§ Try it
Restate all data exactly. No images.

§ Exercise data
•••••

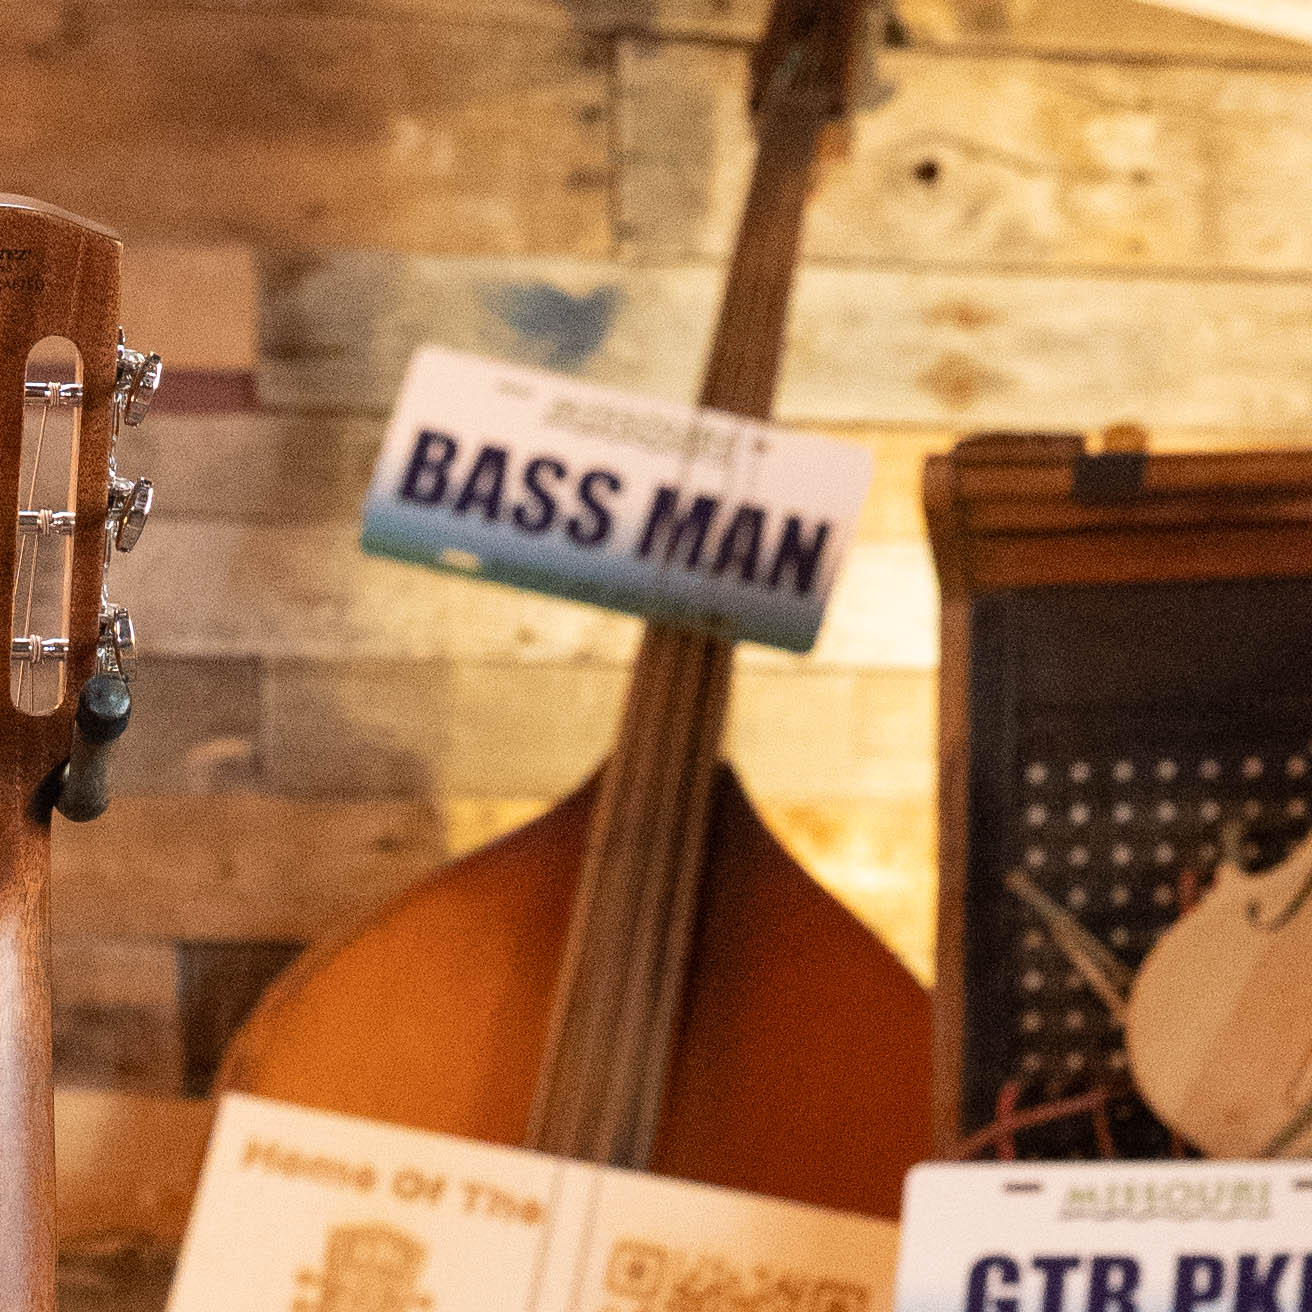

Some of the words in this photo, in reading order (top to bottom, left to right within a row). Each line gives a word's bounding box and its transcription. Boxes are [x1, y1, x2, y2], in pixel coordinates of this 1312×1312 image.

[398, 427, 622, 548] BASS
[639, 485, 830, 596] MAN
[239, 1137, 377, 1195] Home
[459, 1176, 549, 1226] The

•••••

§ Task answer
Some of the words in this photo, in reading order (top to bottom, left to right within a row). Each line gives a word's bounding box and its transcription. Boxes are [x1, y1, x2, y2], in pixel coordinates of this 1312×1312 image.

[398, 427, 622, 548] BASS
[639, 485, 830, 596] MAN
[239, 1137, 377, 1195] Home
[459, 1176, 549, 1226] The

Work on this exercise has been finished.